My sisters and I are all going to be together on Thursday in SC with our mom...this only means one thing,
pear overload!!!!
Genetics plays a huge role in body shape.
And we got the pear shape going on big time.
And we are all working hard against it. Trying to shape it into the best pear possible.
YAY, I ran 3 days in a row and feel amazing. I have done arms weight training and the dreaded.ab-ripperP90X. (otherwise known as my personal whine/cry/bitch/complain time)

pear paring tip #3
If you want to speed up the pear paring process, schedule cardio training two times per day!

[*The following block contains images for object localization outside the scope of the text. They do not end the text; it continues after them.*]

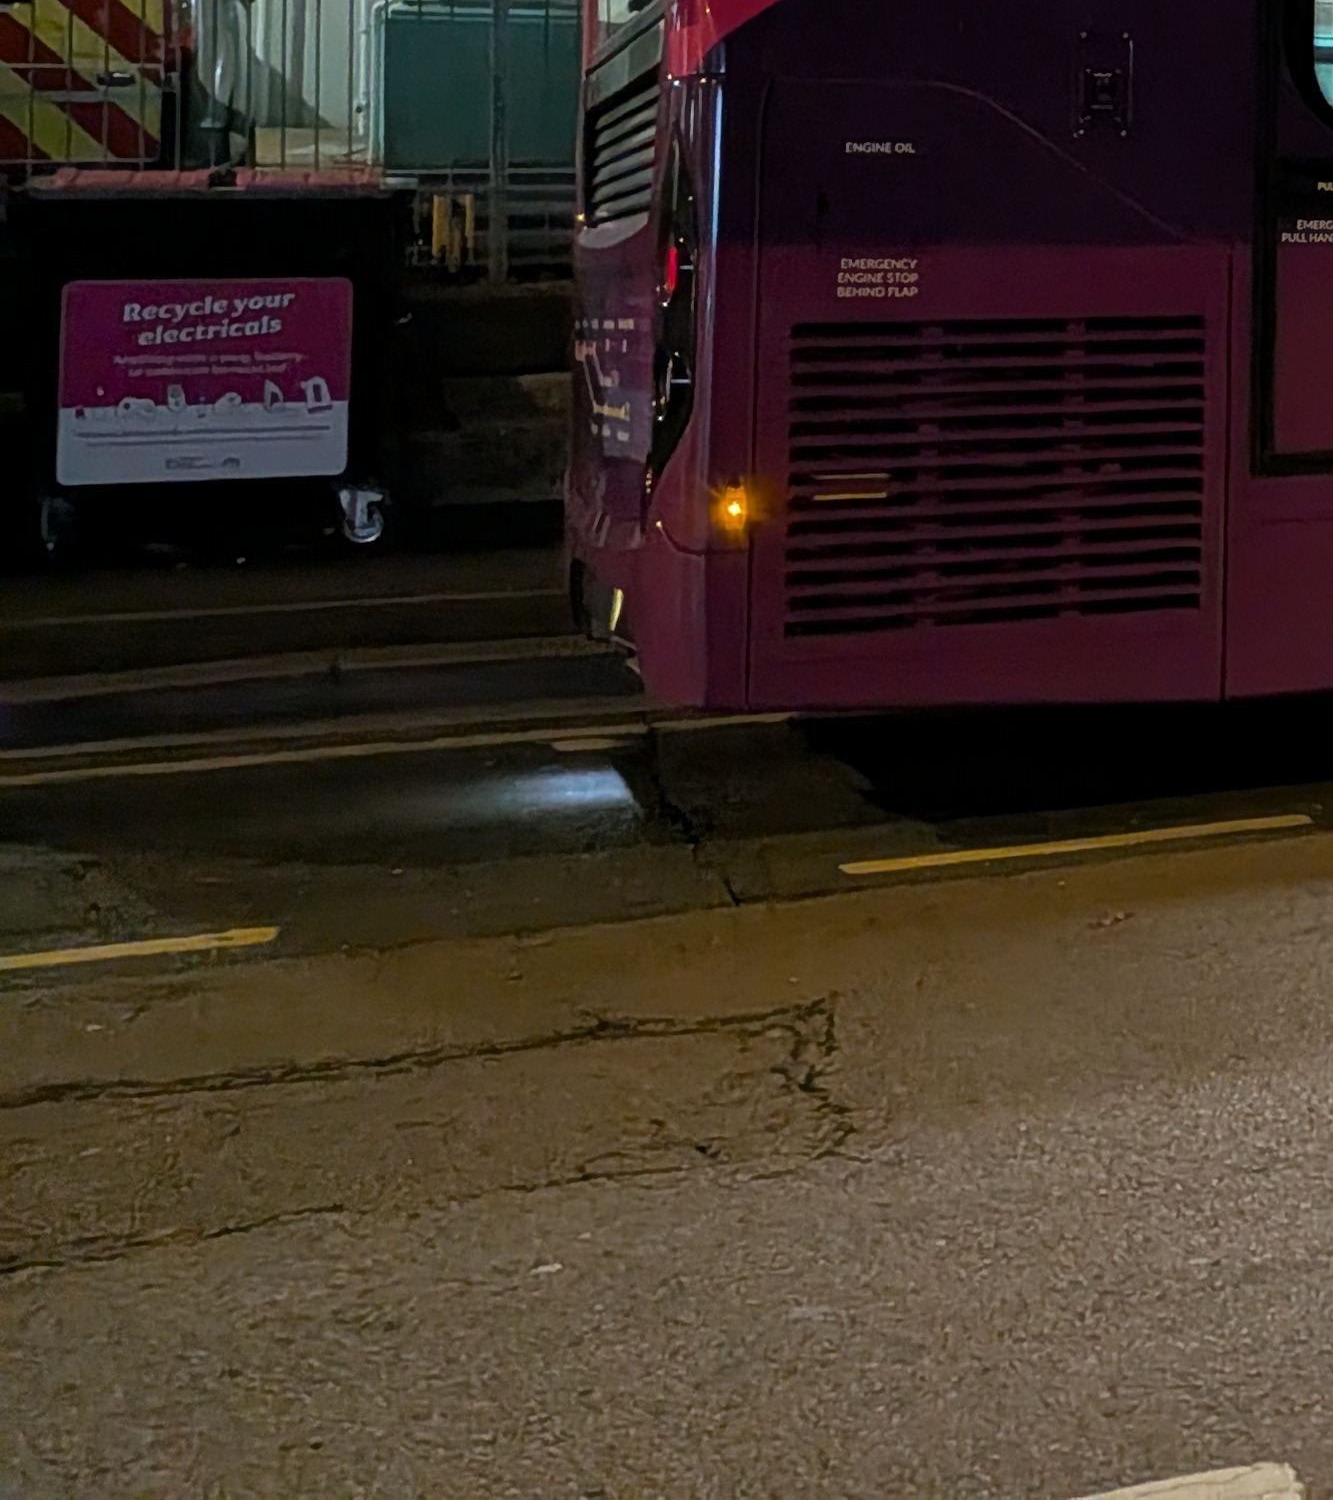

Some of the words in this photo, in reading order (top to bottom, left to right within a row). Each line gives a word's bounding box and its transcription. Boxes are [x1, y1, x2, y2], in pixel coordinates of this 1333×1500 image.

[845, 141, 892, 154] ENGINE
[894, 142, 916, 154] OIL
[1281, 232, 1308, 242] PULL
[840, 257, 918, 270] EMERGENCY
[837, 271, 885, 284] ENGINE
[886, 271, 919, 284] STOP
[836, 285, 885, 298] BEHIND
[887, 285, 919, 298] FLAP
[123, 296, 229, 323] Recycle
[230, 293, 296, 318] your
[138, 316, 283, 346] electricals

AM running session, PM biking session...

Monday, December 13, 2010

pearly around anymore

sooooo sorry!
exams in full swing at school, and so i must work...not blog...
but here i am anyway :) lol
i have eaten badly, sorry to disappoint! It just happens, I never plan for it to happen, just a spur of the moment "cheeseburger?" why YES thank you....lol
BUT
I have run. yea running, it fills my soul with hope. hope of a new day, hope that all is well, hope that i can make it through another day.
i heart running.
that is all.

Monday, December 6, 2010

sickly pear

ugh...
just when things are zipping along, i get sick!! It started sore throat, cough, stomach and just general yuck-o feeling! I haven't been able to work out at all, which is making me C-r-A-Z-y!!!!!
oh well... it will pass and i will be doing some make up :)

pear paring tip #2
include interval training in your cardio work out!!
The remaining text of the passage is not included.